4.Human coastal activities
Coralligenous reefs and seagrass meadows are at risk because of changes in the coastal land use that affect the amount of sedimentation and water turbidity, resulting in excessive deposition into the sea. These activities include deforestation, reclamation of land and other coastal activities.
The increase of atmospheric CO2 from human activities is likely to result in the oceans absorbing high quantities of CO2, ultimately leading to a decrease in the oceanic pH - a phenomenon known as ocean acidification. This threatens coralligenous algal reefs because the production of calcium carbonate by reef building organisms is inhibited by the decreasing pH.
Coralligenous reefs accessible to scuba divers are at risk of physical damage, both by accident and by the deliberate removal of organisms including the large gorgonian fans and the prized red coral. Fortunately in the Aegean, as the majority of assemblages are between depths of 70 and 90m, they are out of the range of many recreational divers.
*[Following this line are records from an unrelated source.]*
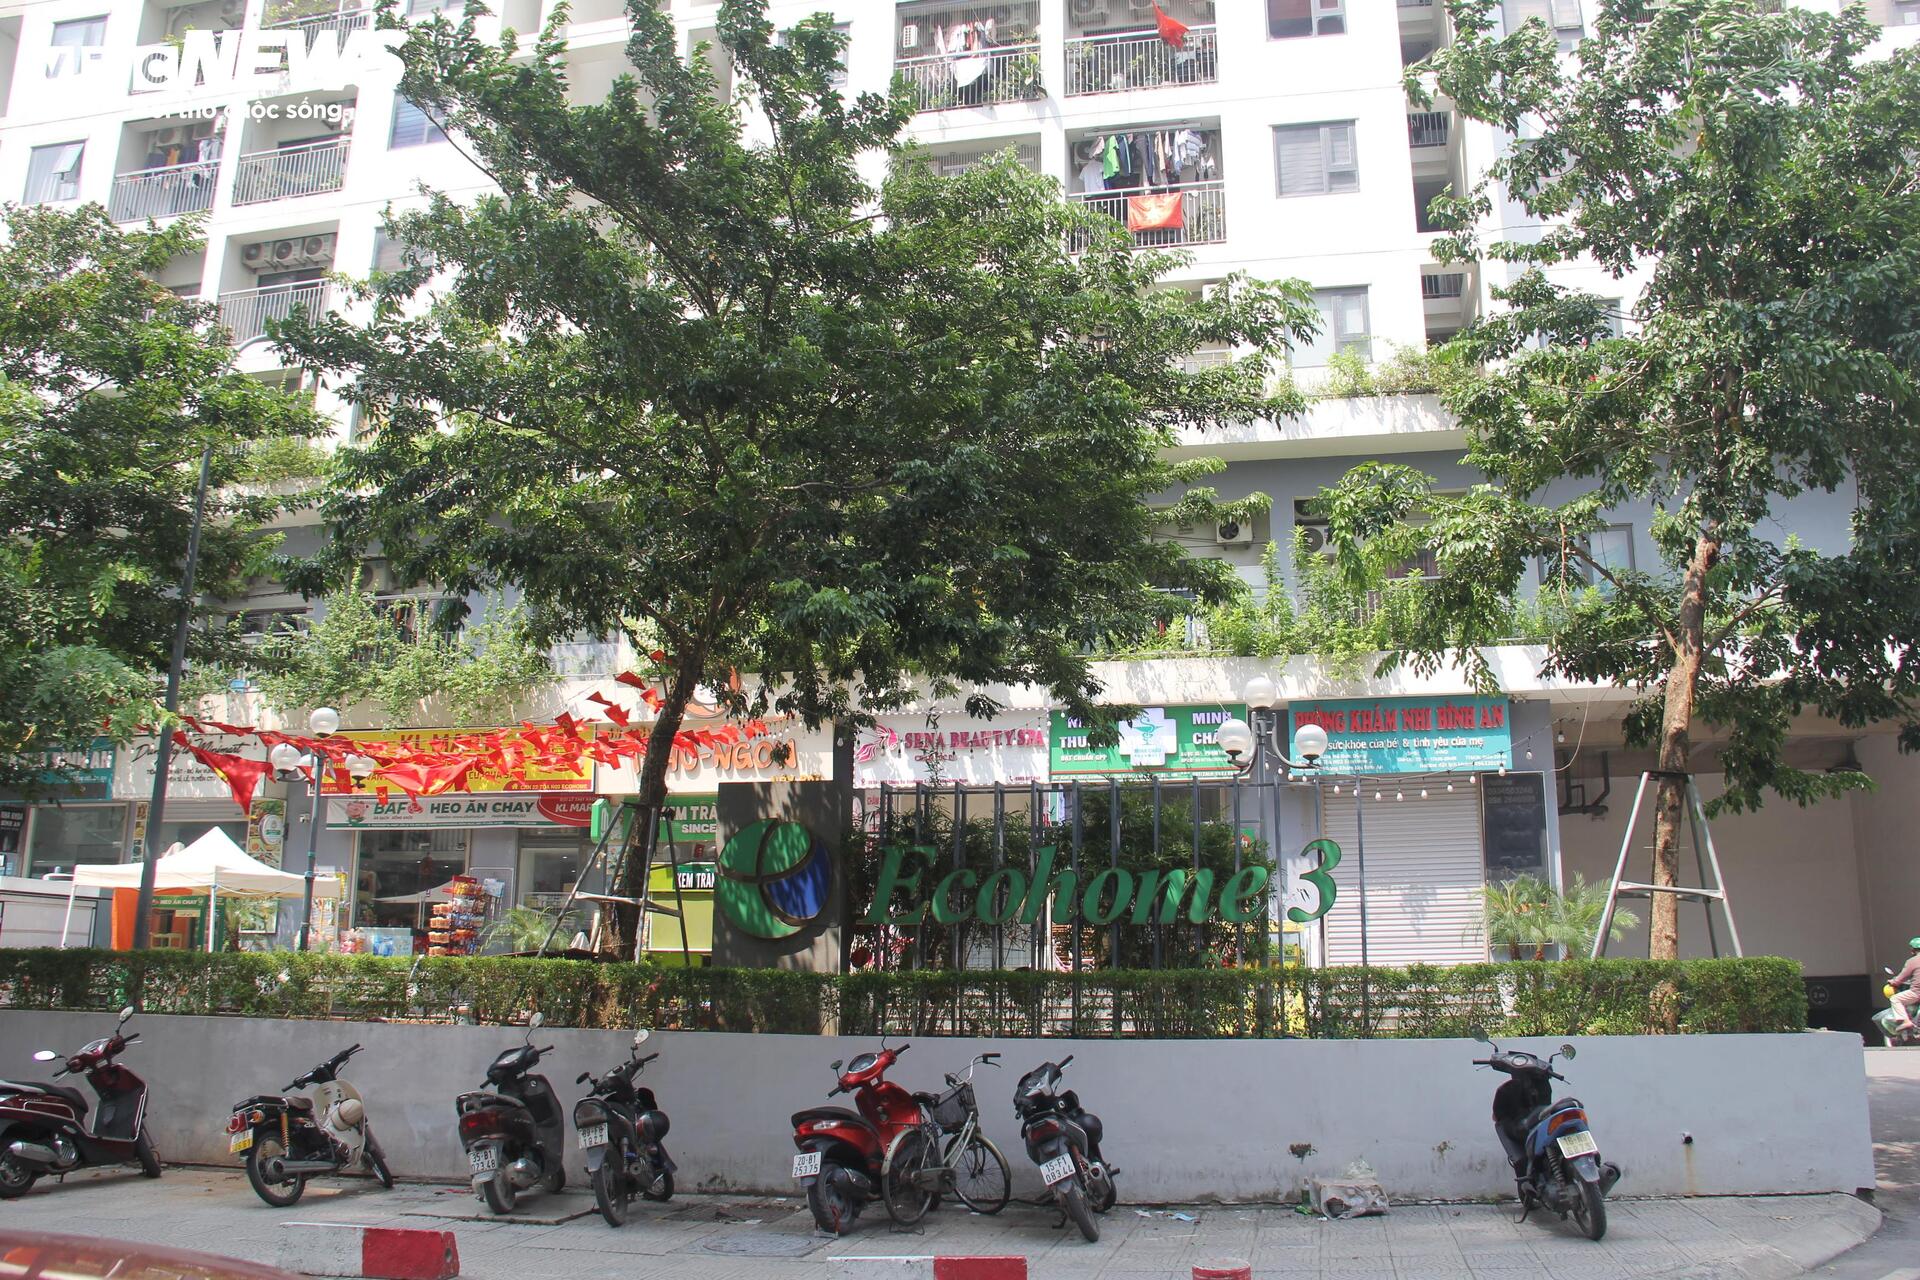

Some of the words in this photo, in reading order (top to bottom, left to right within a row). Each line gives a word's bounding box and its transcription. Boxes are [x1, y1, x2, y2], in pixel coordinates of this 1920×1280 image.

[1192, 711, 1232, 725] MINH
[1350, 703, 1398, 732] KHÁM
[1402, 707, 1432, 731] NHI
[1436, 700, 1475, 729] BÌNH
[1480, 705, 1504, 728] AN
[904, 732, 946, 749] SENA
[950, 730, 1014, 748] BEAUTY
[1016, 729, 1046, 747] SPA
[1192, 729, 1219, 745] CHÂ
[1327, 739, 1344, 750] sức
[1368, 740, 1385, 749] của
[1386, 737, 1399, 749] bé
[1402, 738, 1410, 747] &
[1413, 737, 1430, 748] tình
[1433, 736, 1449, 750] yêu
[1450, 736, 1467, 747] của
[1469, 737, 1484, 749] mẹ
[430, 802, 462, 814] HEO
[465, 799, 487, 813] ĂN
[491, 801, 535, 813] CHAY
[555, 803, 568, 812] KL
[569, 803, 593, 812] MAR
[681, 823, 717, 834] SINCE
[856, 845, 1269, 926] Ecohome
[1287, 839, 1342, 922] 3
[471, 1149, 493, 1163] 35-B1
[797, 1154, 817, 1166] 20-B1
[1045, 1157, 1068, 1172] 15-F1
- Fishing Legislation EC 1967/2006 concerning management measures of the sustainable exploitation of fishery resources in the Mediterranean Sea: ‘Fishing with trawl nets, dredges, shore seines or similar nets above coralligenous habitats and mäerl beds shall be prohibited.’
- Bern Convention
- Mediterranean Red Book
Unfortunately, the location of the majority of coralligenous reefs and seagrass meadows has not been mapped, so the EU protection is impossible to be effectively implemented until extensive mapping of the habitats occurs. It is, however, vital for the above conventions to beenforced. A tightening of existing regulation is also necessary equating to a complete ban being applied on trawling and dredging, not only over the reefs, but in the general area to prevent any indirect damage.
The conservation of Posidonia seagrass beds and coralligene reefs is a main priority of Archipelagos’ research work.
1.Mapping the sea
Produce detailed maps showing the location of Posidonia meadows and coralligenous reefs. From these maps, fishing grounds should be defined for large scale fishing gear in areas where the above habitats are not present, thus enabling the enforcement of the EU legislation protecting these unique habitats.
2.Collect biological data
Collect biological data using an underwater digital cartographic camera system, providing:
- Detailed information regarding the biodiversity and community composition of Posidonia meadows and coralligenous assemblages.
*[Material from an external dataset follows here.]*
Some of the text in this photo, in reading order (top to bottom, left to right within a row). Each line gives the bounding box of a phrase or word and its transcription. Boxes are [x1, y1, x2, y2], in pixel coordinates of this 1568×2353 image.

- Evidence of damage and destruction.
- Photographic and video footage of the seagrass beds and coralligene reefs to be used in public awareness campaigns.
Monitoring of fishing activities and the promotion of sustainable fishing practices through the definition of fishing grounds for towed fishing gear (trawler, purse seiner, beach seiner), away from seagrass beds (as it is defined by the EU and national legislation).